Aggie and Her Flock of Little Lambs.....


When I was in secondary school there was an evil plot between the nuns and our parents. It's stated object was to provide us with a quiet, distraction-free setting in which to do our homework. It's unstated effect was to ensure that we had no life! The evil plot was Evening Study. It was optional, but my parents, being conscientious souls, wanted to give me every advantage.

School got out at four. We hared home on our bicycles, had a bite to eat, changed out of our school uniforms and cycled back for Evening Study from five to seven. First, the inevitable prayer. Then, heads down to work. If you had a question you could go,[quietly!] to the supervising teacher's desk to ask for help. On the evening in question, Sister Mary Agnes was our jailer. Her chiseled, chalky face gazed out over our bent heads. If she suspected that you were the source of any stifled snorts or snickering, she squashed you with a glare.

I was seated in the middle of the room. Half way through the monotony I heard a chair scrape in the silence, as a girl somewhere behind me got up. Passing my desk, she flashed me a quick peek at something she was holding in her pocket. I perked up instantly! It looked like one of the monthly 64-pagers we loved to read. Stories of schoolgirls, like ourselves, getting into and out of all kinds of scrapes and adventures! They were about the size of Reader's Digest and half as thick. I patiently waited while Mary W conducted her business with Aggie. When she turned and started back to her desk, she grinned at me. Grinning back, I motioned for her to slip the 64-pager to me as she went by. I was looking forward to a little diversion.....

As soon as I had it in my hot little fist I knew I'd made a horrible mistake. It was a 64-pager alright, but not the kind I'd expected from my fleeting glimpse. Now that I had it, I heartily wished I didn't. It was a 64-pager version of what my mother called a "penny dreadful." To wit, a bodice ripper! Complete with sultry, scantily clad beauty in the arms of muscle bound Lothario on its cover. The setting seemed to be a dark and stormy night......

I was panic stricken! And Aggie was already sniffing the air, nostrils flaring, smelling fear....I was a goner! Another chair scraped the floor in the silence, as Aggie, a monument of a woman, stood. She knew she had me this time! [It wasn't the first time Aggie and I had tangled.] Never taking her eyes from my face, she came at me with slow, deliberate steps, habit swishing, beads clicking out my doom. I had shoved the offending material into the middle of a book I wasn't using, and was striving for a cool, nonchalant air, totally defeated by my blazing cheeks. At my desk, she stopped. And towered. Aggie was six feet tall if she was an inch! And held out her hand. I feigned innocence, and puzzlement. To no avail. Unwillingly I handed over the evidence, mumbling about how I'd had no idea it was THAT kind of 64 pager.

Aggie turned on her heel, clutching her prize, and returned to her desk.

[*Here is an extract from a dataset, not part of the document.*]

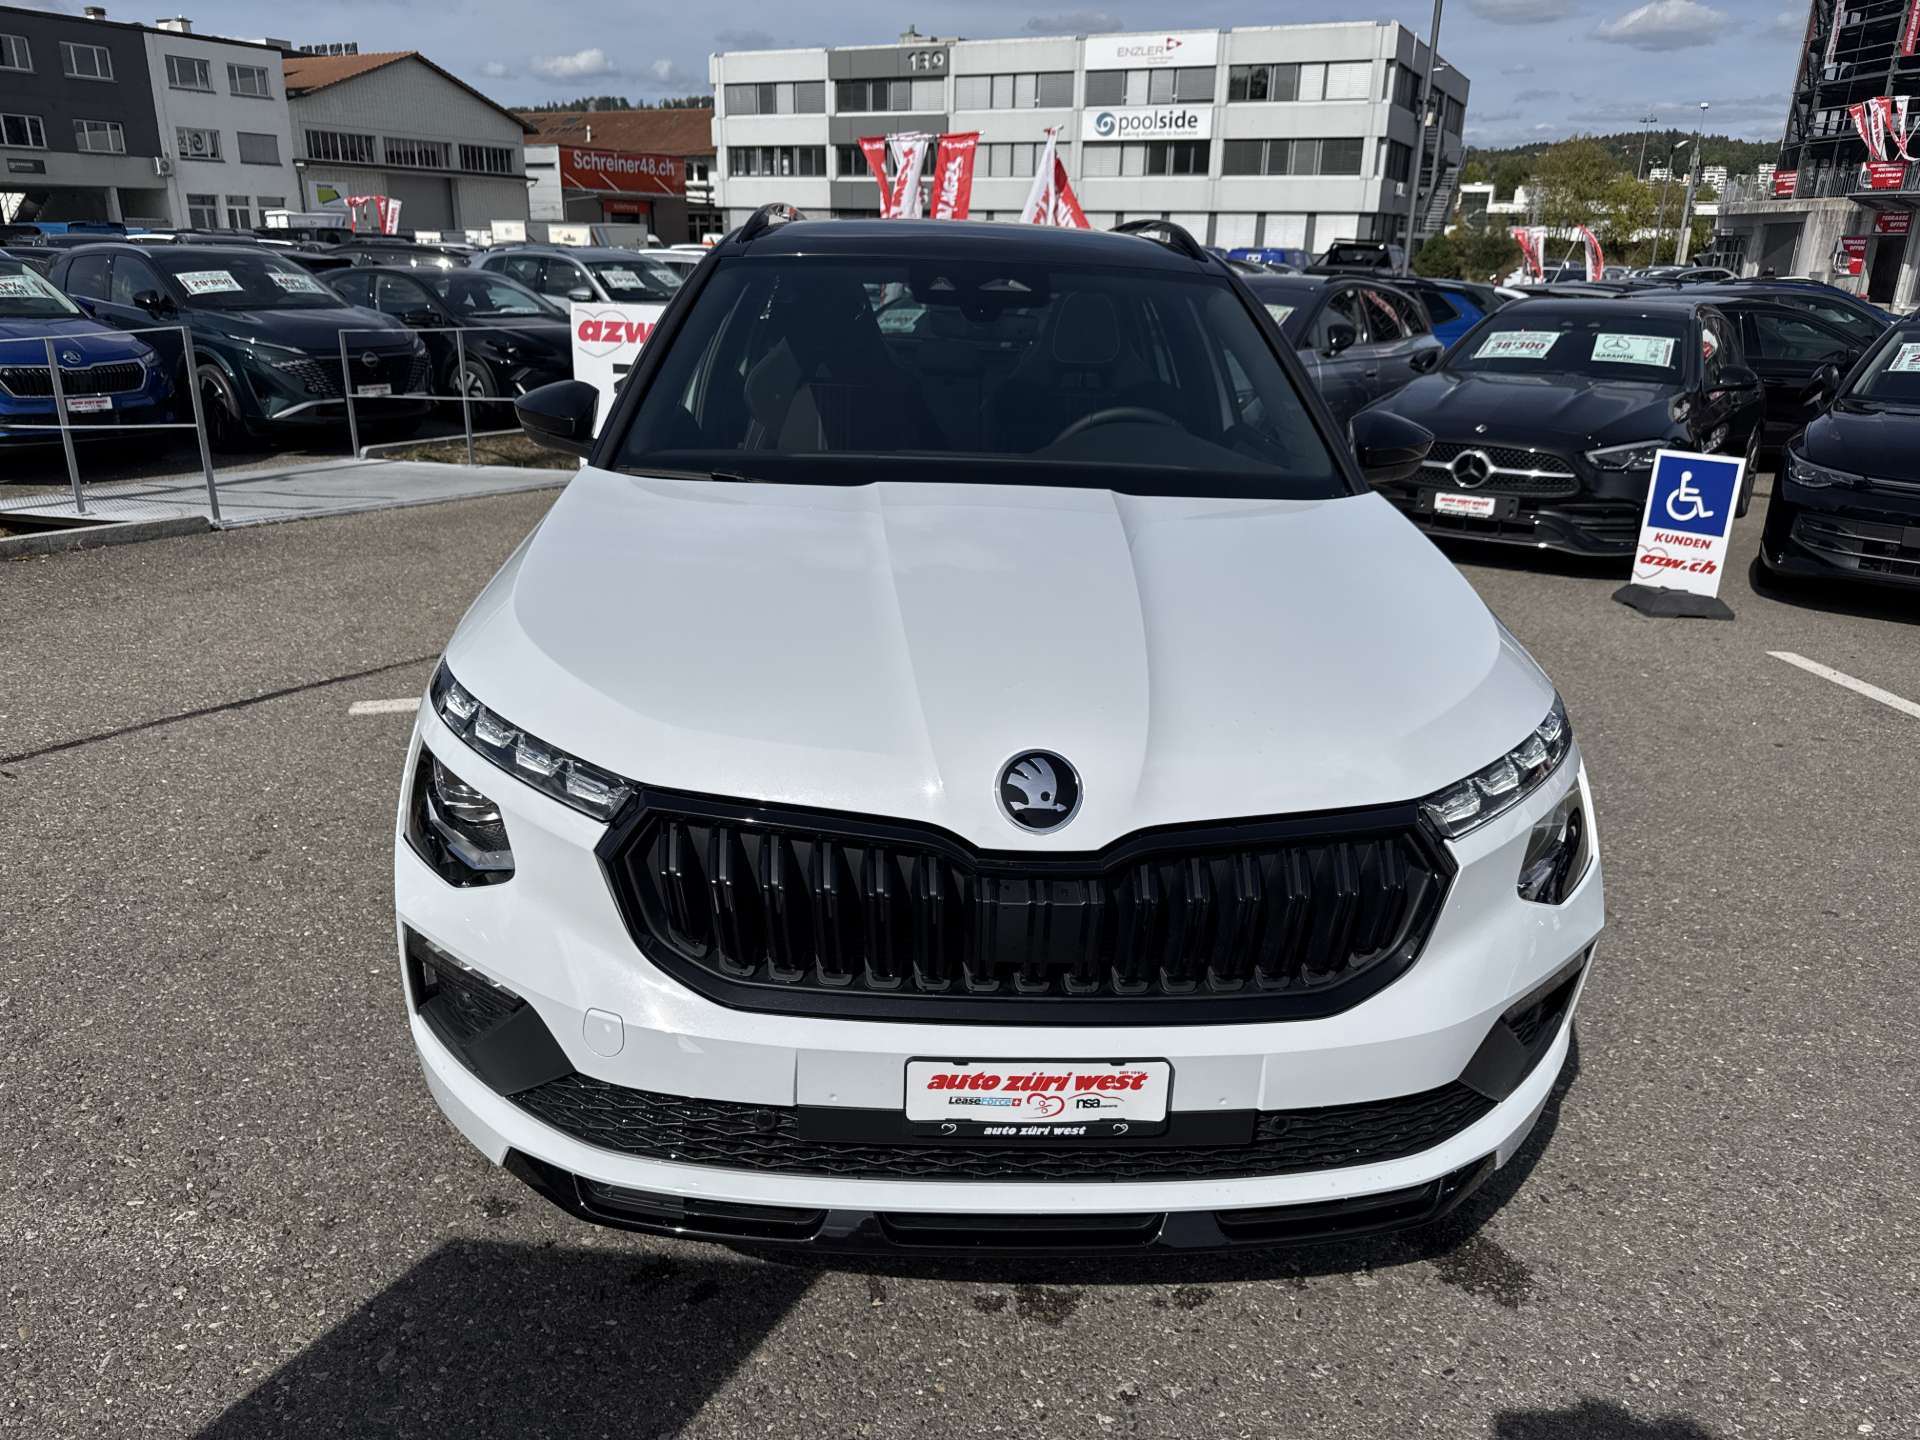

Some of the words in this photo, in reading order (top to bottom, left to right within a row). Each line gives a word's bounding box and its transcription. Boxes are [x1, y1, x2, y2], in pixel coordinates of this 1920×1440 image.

She looked like the cat that got the cream. She didn't like me and I didn't like her. She was exultant.I was miserable.

But you can't keep a good woman [or an idiot] down. Next evening I was full of the joys again. In the middle of evening study I was taking a wee [unscheduled] break. Having a little chat, whisper, whisper, giggle, giggle with the girl behind me. She said something funny and I threw my head back in silent laughter...................And, glancing at the little window in the upper half of the classroom door, met the quiet, reproachful gaze of The Mag. The foolish laugh froze in my throat. I wanted to die. Take me now Lord. I'm sorry for all my sins. Just take me now. Make it quick and save me from a slow, tortuous death by humiliation.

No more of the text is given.